● Exercise
Each entry below must be written out exactly, with pictures left out.

[The records]

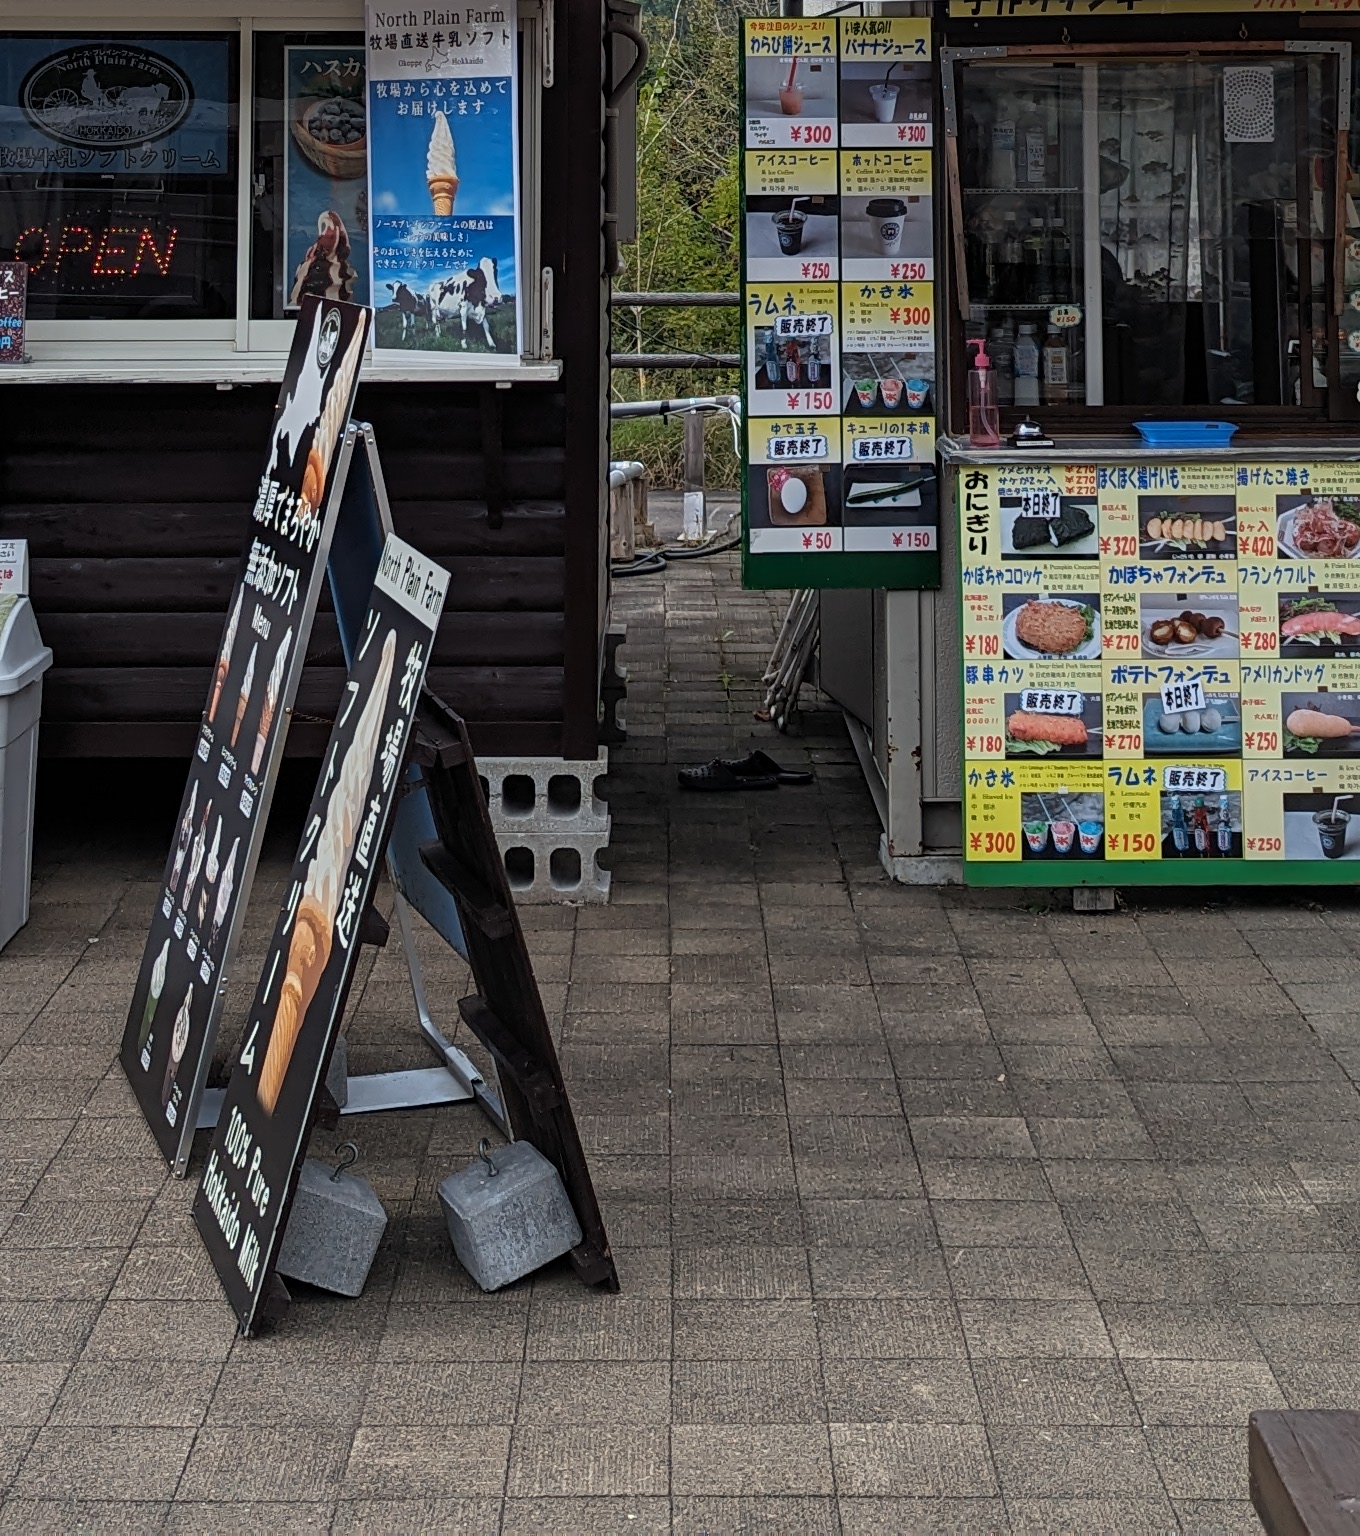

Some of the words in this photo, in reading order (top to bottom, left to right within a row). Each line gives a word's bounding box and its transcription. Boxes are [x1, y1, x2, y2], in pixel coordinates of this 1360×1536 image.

[375, 11, 418, 28] North
[423, 9, 463, 26] Plain
[466, 7, 505, 24] Farm
[369, 29, 511, 51] 牧場直送牛乳ソフト
[750, 35, 832, 55] わらび餅ジュース
[56, 55, 92, 74] North
[94, 53, 128, 67] Plain
[130, 57, 160, 76] Farm
[376, 79, 508, 98] 牧場から心を込めて
[397, 100, 485, 116] お届けします
[79, 125, 132, 136] HOKKAIDO
[790, 125, 832, 144] ¥300
[755, 154, 830, 167] アイスコーヒー
[852, 154, 923, 167] ホットコーヒー
[15, 225, 180, 277] OPEN
[860, 284, 915, 300] かき氷
[748, 292, 798, 316] ラムネ
[889, 306, 931, 327] ¥300
[787, 392, 833, 411] ¥150
[770, 422, 819, 435] ゆで玉子
[1097, 467, 1181, 490] ほくほく揚げいも
[1236, 466, 1310, 487] 揚げたこ焼き
[964, 470, 990, 556] おにぎり
[801, 532, 832, 550] ¥50
[892, 531, 930, 549] ¥150
[1099, 535, 1137, 557] ¥320
[1238, 536, 1274, 556] ¥420
[379, 541, 403, 585] North
[400, 556, 421, 600] Plain
[420, 570, 443, 616] Farm
[963, 567, 1043, 586] かぼちゃコロッケ
[1108, 565, 1227, 585] かぼちゃフォンデュ
[1238, 565, 1316, 585] フランクフルト
[965, 634, 999, 655] ¥180
[1240, 631, 1277, 652] ¥280
[965, 665, 1024, 684] 豚串カツ
[1110, 665, 1231, 685] ポテトフォンデュ
[1241, 664, 1326, 684] アメリカンドッグ
[1164, 683, 1200, 710] 本日終了
[966, 736, 1003, 753] ¥180
[1244, 732, 1278, 752] ¥250
[967, 767, 1016, 787] かき氷
[1107, 767, 1158, 786] ラムネ
[1248, 767, 1328, 782] アイスコーヒー
[335, 640, 424, 948] 牧場直送
[240, 609, 381, 1075] ソフトクリーム
[969, 832, 1016, 854] ¥300
[1107, 833, 1156, 853] ¥150
[224, 1105, 253, 1170] 100%
[246, 1146, 271, 1217] Pure
[202, 1149, 241, 1250] Hokkaido
[237, 1223, 261, 1292] Milk

[/The records]

● Response box
Some of the words in this photo, in reading order (top to bottom, left to right within a row). Each line gives a word's bounding box and its transcription. Boxes are [x1, y1, x2, y2], in pixel coordinates of this 1360×1536 image.

[375, 11, 418, 28] North
[423, 9, 463, 26] Plain
[466, 7, 505, 24] Farm
[369, 29, 511, 51] 牧場直送牛乳ソフト
[750, 35, 832, 55] わらび餅ジュース
[56, 55, 92, 74] North
[94, 53, 128, 67] Plain
[130, 57, 160, 76] Farm
[376, 79, 508, 98] 牧場から心を込めて
[397, 100, 485, 116] お届けします
[79, 125, 132, 136] HOKKAIDO
[790, 125, 832, 144] ¥300
[755, 154, 830, 167] アイスコーヒー
[852, 154, 923, 167] ホットコーヒー
[15, 225, 180, 277] OPEN
[860, 284, 915, 300] かき氷
[748, 292, 798, 316] ラムネ
[889, 306, 931, 327] ¥300
[787, 392, 833, 411] ¥150
[770, 422, 819, 435] ゆで玉子
[1097, 467, 1181, 490] ほくほく揚げいも
[1236, 466, 1310, 487] 揚げたこ焼き
[964, 470, 990, 556] おにぎり
[801, 532, 832, 550] ¥50
[892, 531, 930, 549] ¥150
[1099, 535, 1137, 557] ¥320
[1238, 536, 1274, 556] ¥420
[379, 541, 403, 585] North
[400, 556, 421, 600] Plain
[420, 570, 443, 616] Farm
[963, 567, 1043, 586] かぼちゃコロッケ
[1108, 565, 1227, 585] かぼちゃフォンデュ
[1238, 565, 1316, 585] フランクフルト
[965, 634, 999, 655] ¥180
[1240, 631, 1277, 652] ¥280
[965, 665, 1024, 684] 豚串カツ
[1110, 665, 1231, 685] ポテトフォンデュ
[1241, 664, 1326, 684] アメリカンドッグ
[1164, 683, 1200, 710] 本日終了
[966, 736, 1003, 753] ¥180
[1244, 732, 1278, 752] ¥250
[967, 767, 1016, 787] かき氷
[1107, 767, 1158, 786] ラムネ
[1248, 767, 1328, 782] アイスコーヒー
[335, 640, 424, 948] 牧場直送
[240, 609, 381, 1075] ソフトクリーム
[969, 832, 1016, 854] ¥300
[1107, 833, 1156, 853] ¥150
[224, 1105, 253, 1170] 100%
[246, 1146, 271, 1217] Pure
[202, 1149, 241, 1250] Hokkaido
[237, 1223, 261, 1292] Milk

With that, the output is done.